ASSIGNED TASK: Write out the listing below in full and exactly, leaving out every picture.
+++ DATASET ENTRIES
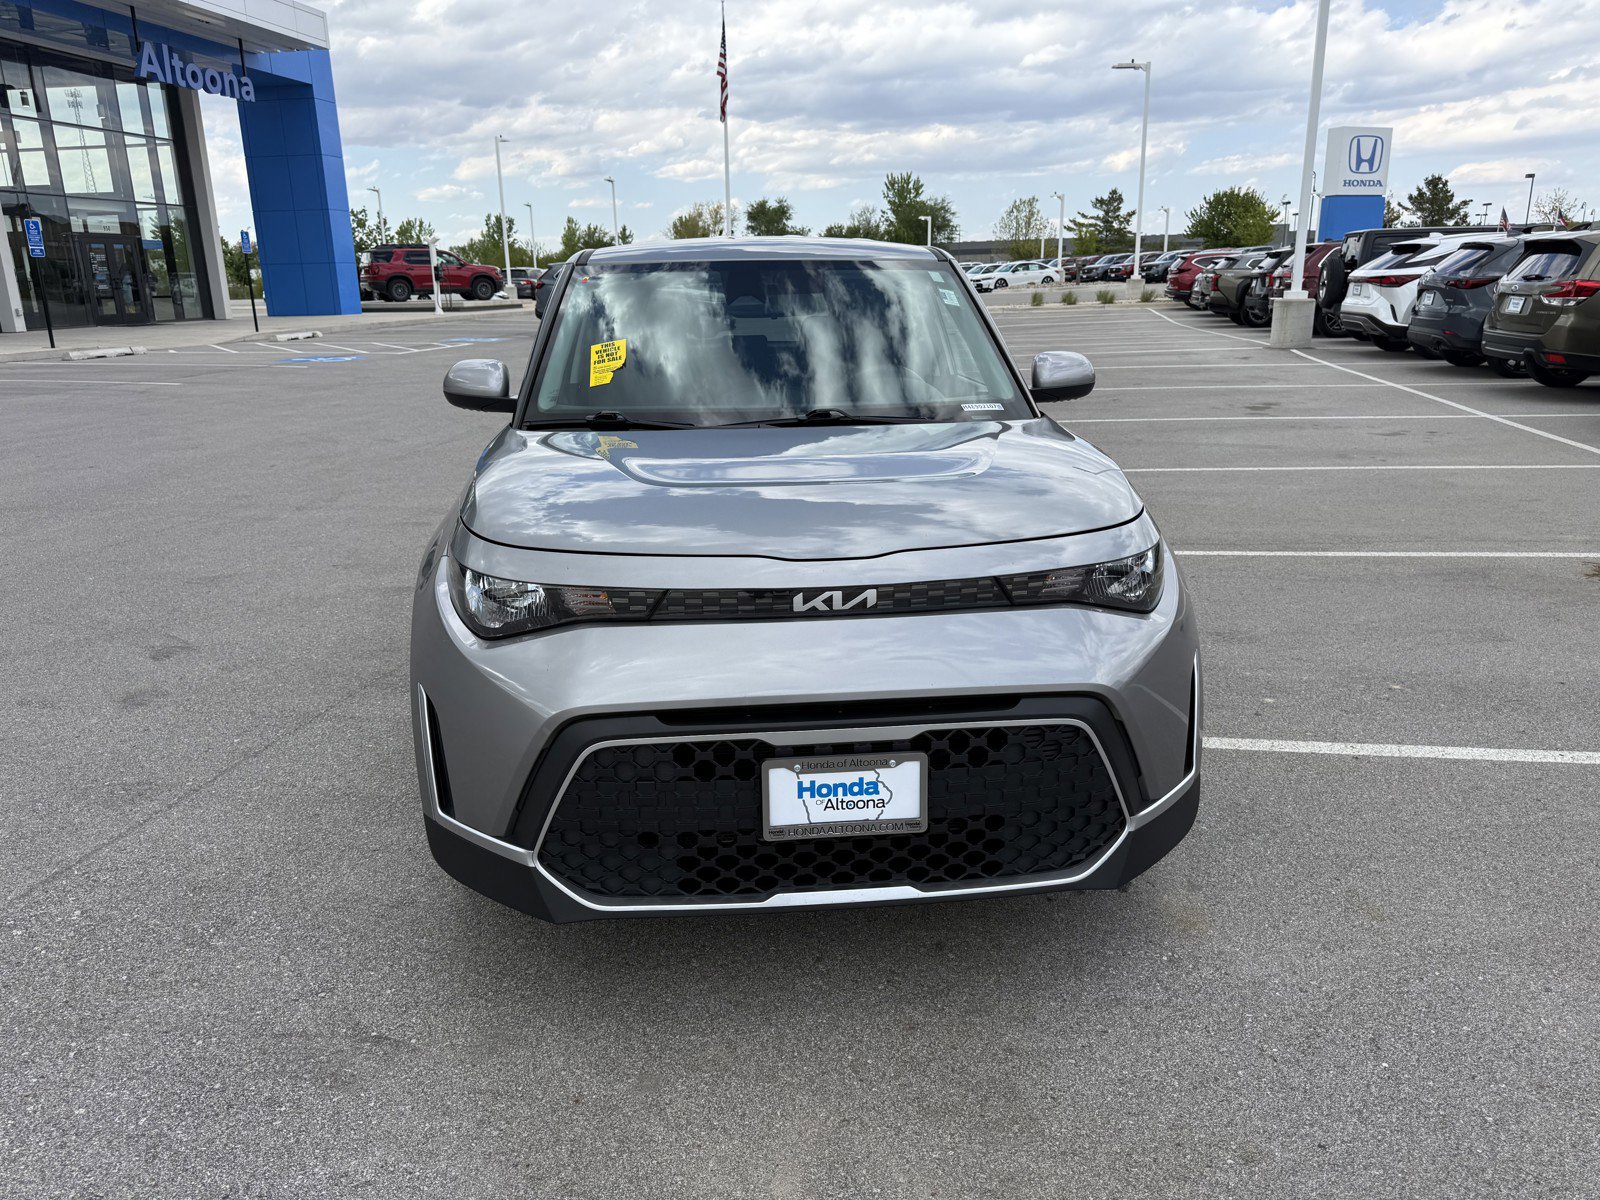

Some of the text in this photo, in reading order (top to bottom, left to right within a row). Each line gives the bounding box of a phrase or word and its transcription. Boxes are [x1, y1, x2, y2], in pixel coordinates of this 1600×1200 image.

[140, 41, 256, 102] Altoona
[1343, 179, 1383, 187] HONDA
[595, 346, 621, 354] VEHICLE
[793, 588, 877, 612] KIA
[801, 757, 888, 770] Honda of Altoona
[797, 777, 880, 799] Honda
[823, 798, 886, 811] Altoona
[788, 822, 904, 837] HONDAALTOONA.COM
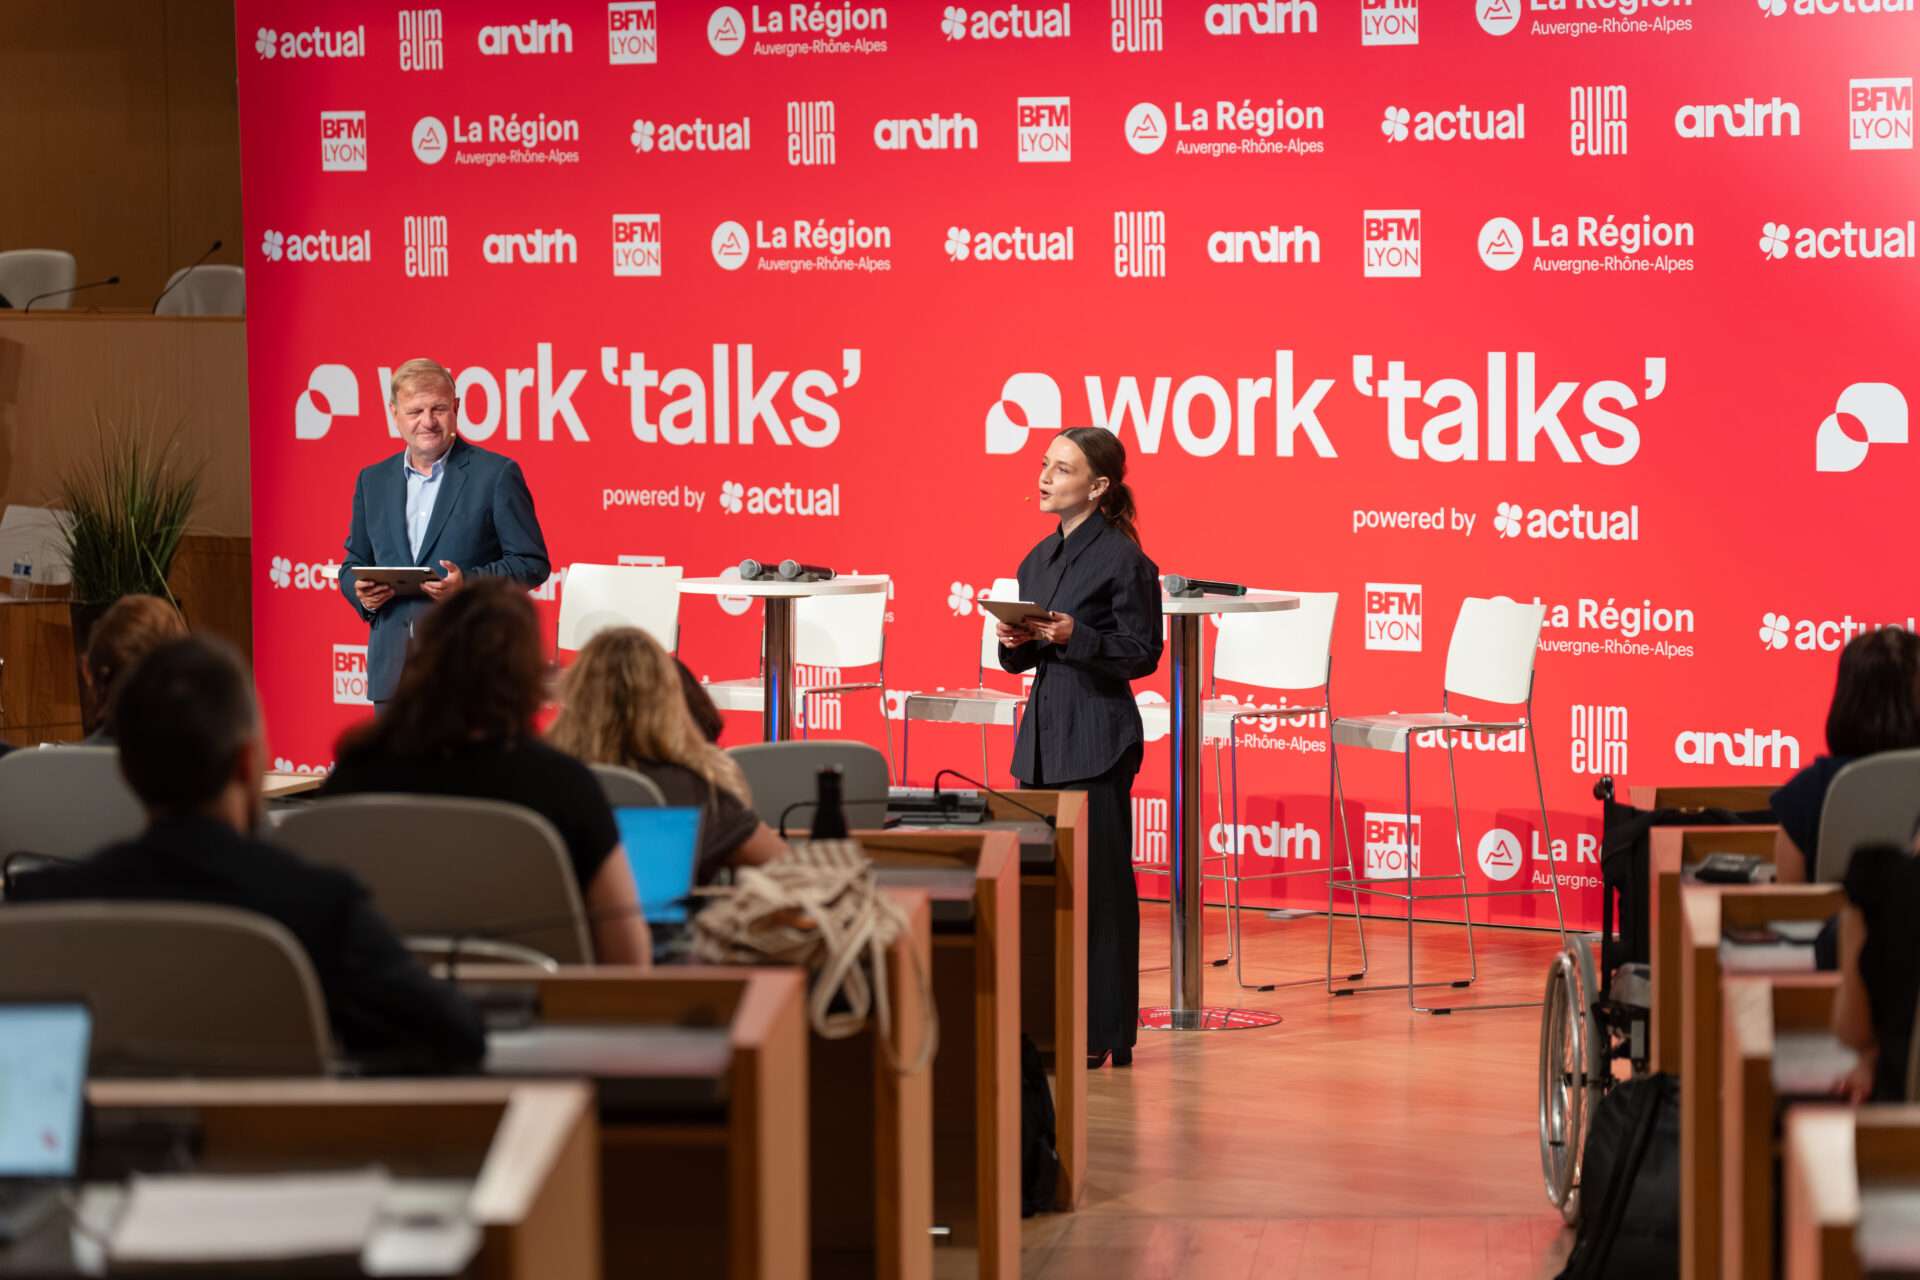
++++++
RESULT BELOW:
Some of the text in this photo, in reading order (top to bottom, left to right within a row). Each line gives the bounding box of a phrase or word and its transcription. Boxes are [x1, y1, x2, y2], in pixel coordinates of this 1600×1200 image.

[140, 41, 256, 102] Altoona
[1343, 179, 1383, 187] HONDA
[595, 346, 621, 354] VEHICLE
[793, 588, 877, 612] KIA
[801, 757, 888, 770] Honda of Altoona
[797, 777, 880, 799] Honda
[823, 798, 886, 811] Altoona
[788, 822, 904, 837] HONDAALTOONA.COM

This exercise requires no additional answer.